Beiträge von Citoyen

    Das Gebäude wurde Anfang 2020 an Breuninger verkauft (s. BKF). Damit dürften die Neubaupläne der LBBW vom Tisch sein. Bezüglich weiterer Zukunftspläne hielt man sich bedeckt. Seither wurde meines Wissens nichts neues bekannt.

    Raa/rab bzw. Na/nab sagt man auch im Oberrheinalemannischen statt herunter bzw. hinunter. Im Hochalemannischen südlich Freiburg (einschließlich der Schweiz) sagt man abe/abi. Ein typischer Satz: "Kumm raa, s'isch ebber doo." (Komm herunter, es ist jemand da.)

    Aber auch im Südfränkischen um Karlsruhe sagt man meines Wissens "ra". Es würde mich nicht wundern, wenn es im Ostfränkischen um Nürnberg auch so wäre.
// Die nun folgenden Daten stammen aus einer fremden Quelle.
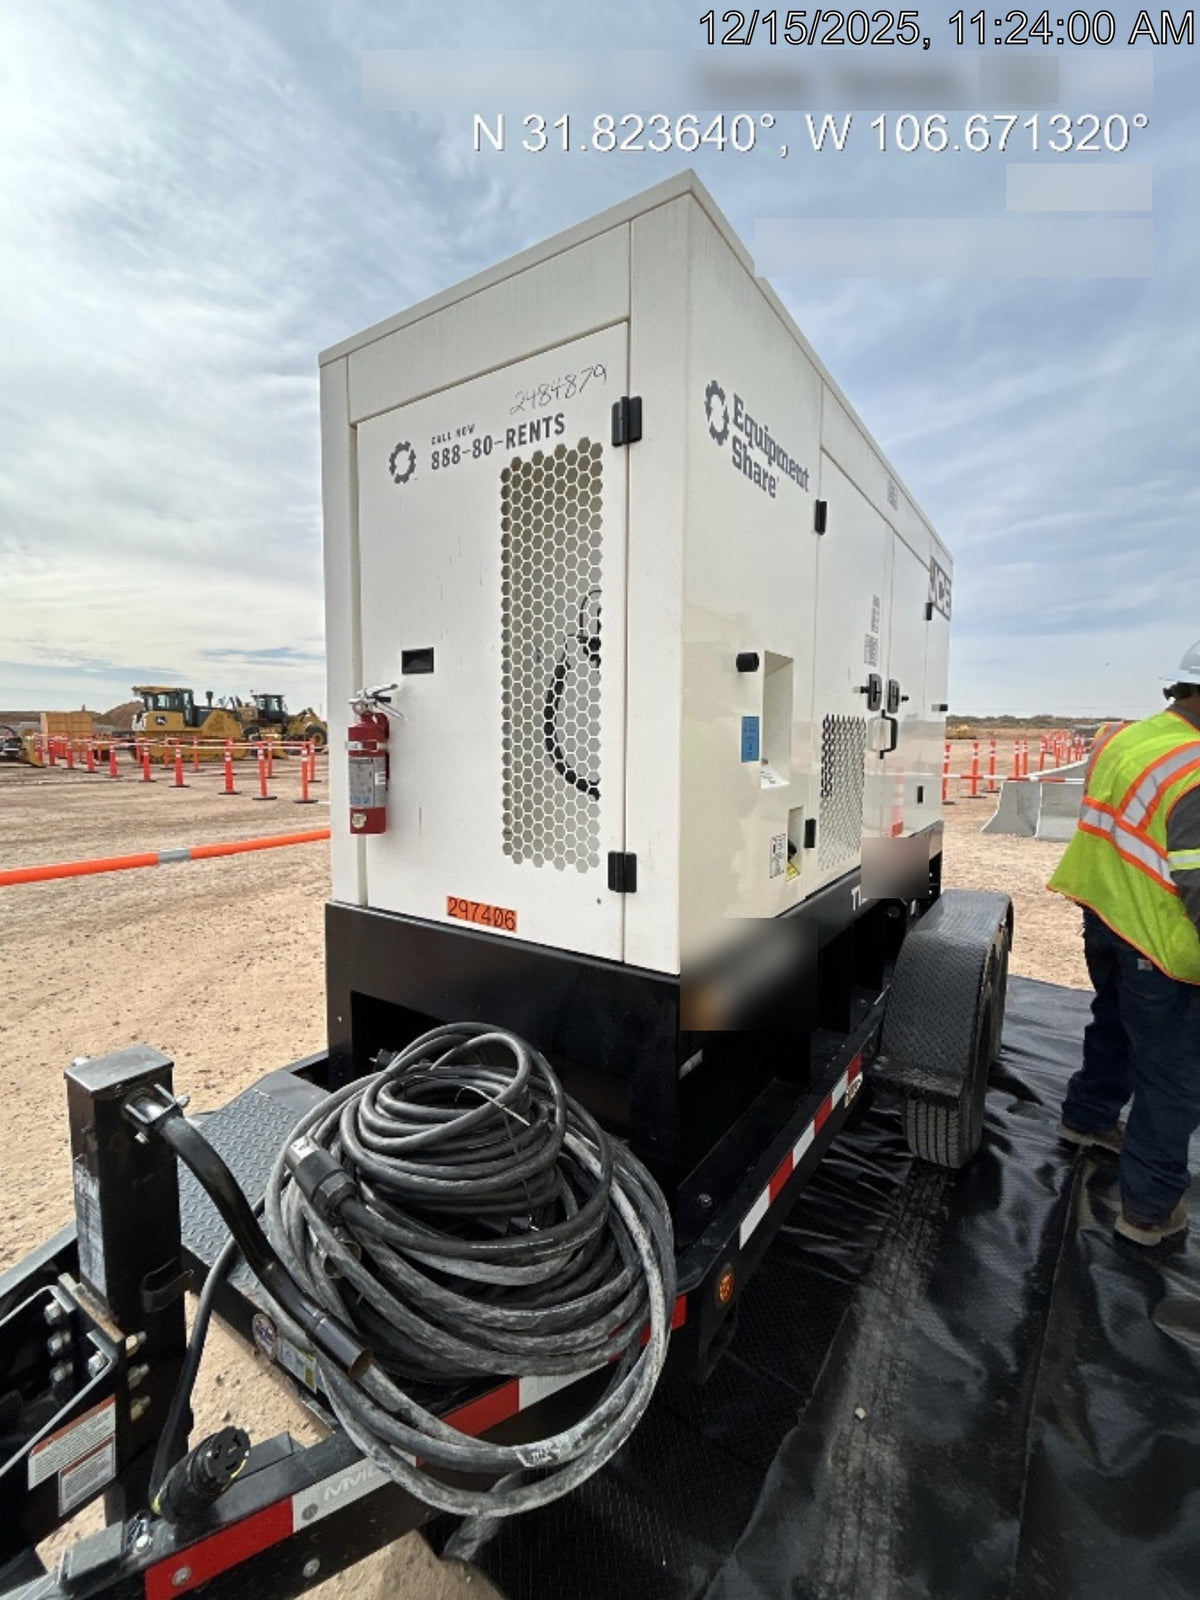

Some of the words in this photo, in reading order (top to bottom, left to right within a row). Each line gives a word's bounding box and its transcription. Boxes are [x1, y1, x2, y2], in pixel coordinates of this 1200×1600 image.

    Bezüglich der beiden Kupferstiche hast Du natürlich recht, Fachwerkliebhaber . Sie geben nur einen groben Gesamteindruck wieder, zumal Merian wahrscheinlich von Sickinger abgezeichnet hat. Richtig ist auch, daß wir nicht genau wissen, wie die Bürgerhäuser der Vorstädte ausgesehen haben. Man kann annehmen, daß dort noch mehr Fachwerkhäuser erhalten waren, da dort häufig einfachere Bürger wie Rebleute und Gerber wohnten. Bezüglich der Kernstadt darf man aber im 17. Jh. weitgehend von steinernen Bauten ausgehen. Das bestätigen Bauforschungen und die einfache Tatsache, daß bis 1945 noch zahlreiche Steinbauten des 16. Jh. erhalten waren, aber nur die genannten drei Häuser mit Fachwerkobergeschossen.
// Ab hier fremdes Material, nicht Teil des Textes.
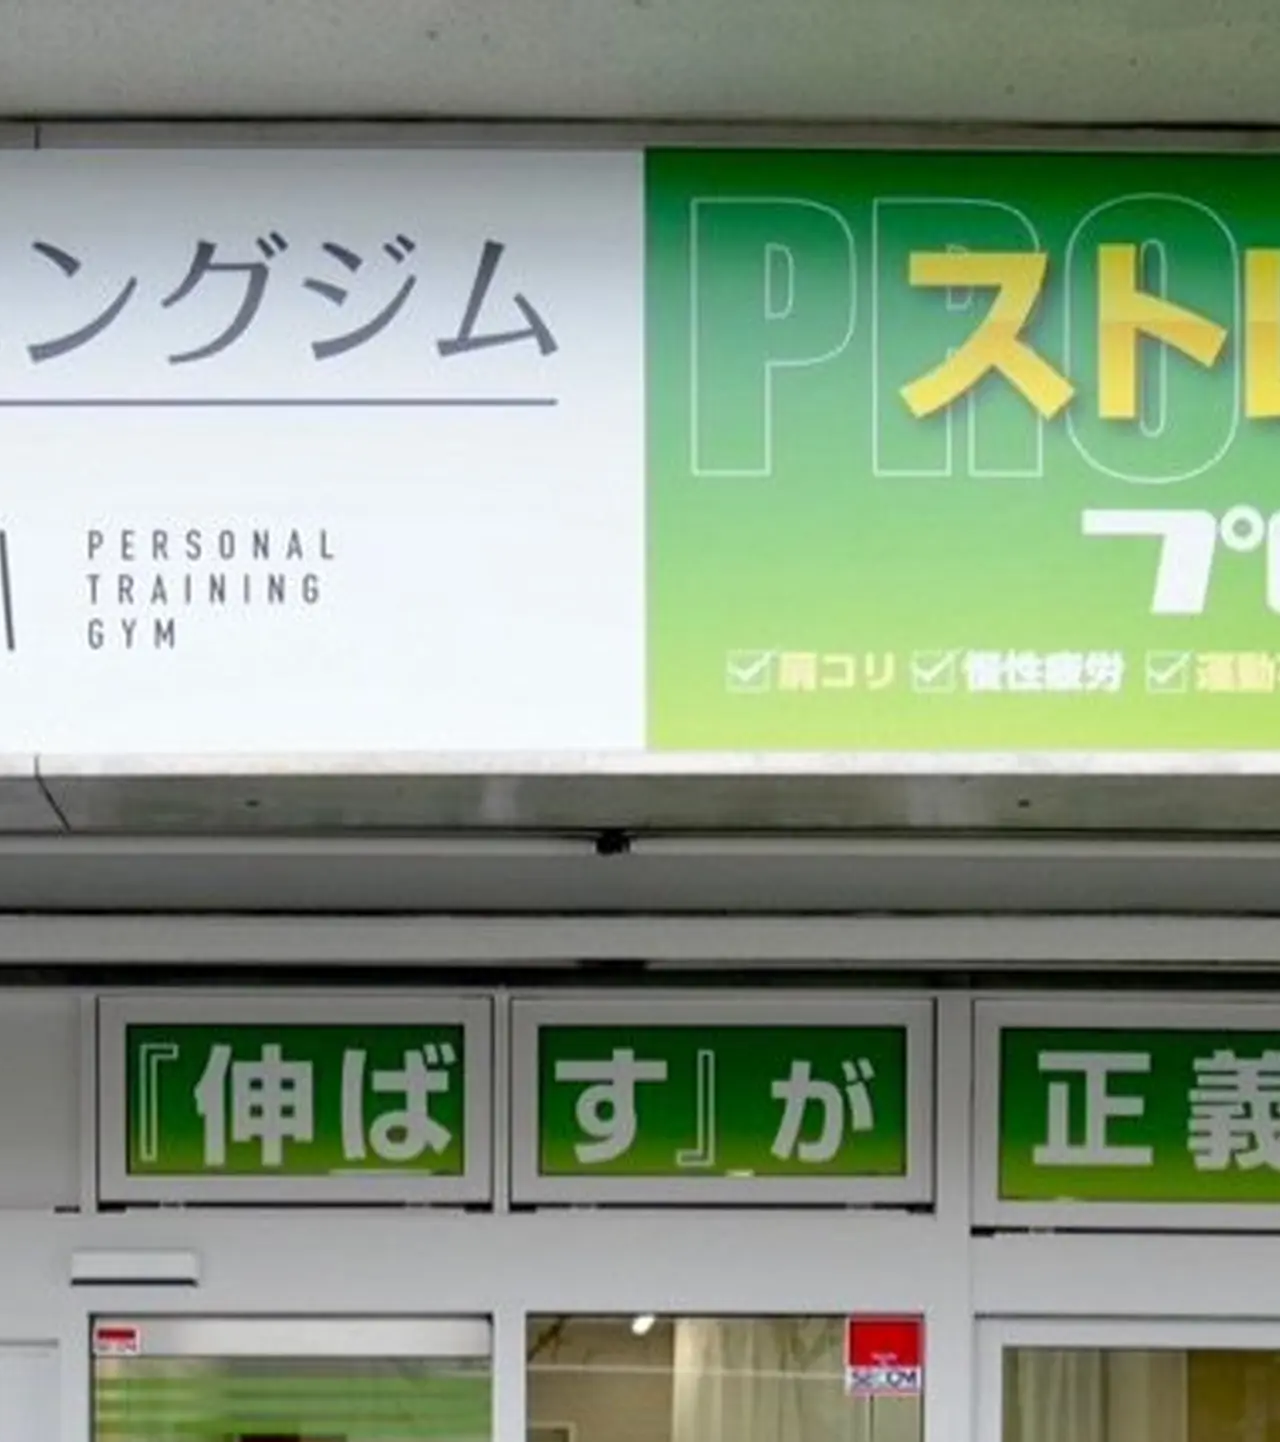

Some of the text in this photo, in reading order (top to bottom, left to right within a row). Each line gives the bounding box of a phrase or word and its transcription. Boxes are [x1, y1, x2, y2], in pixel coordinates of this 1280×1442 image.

[87, 529, 335, 563] PERSONAL
[87, 573, 322, 605] TRAINING
[87, 618, 178, 651] GYM
    Der Grund dafür, daß sich „in Colmar das Fachwerk so viel besser erhalten hat“, ist also – wie zeitlos schon richtig bemerkt hat – daß es in der Freiburger Kernstadt bereits im Spätmittelalter wahrscheinlich kaum noch Fachwerk gab oder daß es spätestens im Barock ersetzt wurde, während in Colmar im Spätmittelalter schlicht weiterhin neue Fachwerkhäuser entstanden.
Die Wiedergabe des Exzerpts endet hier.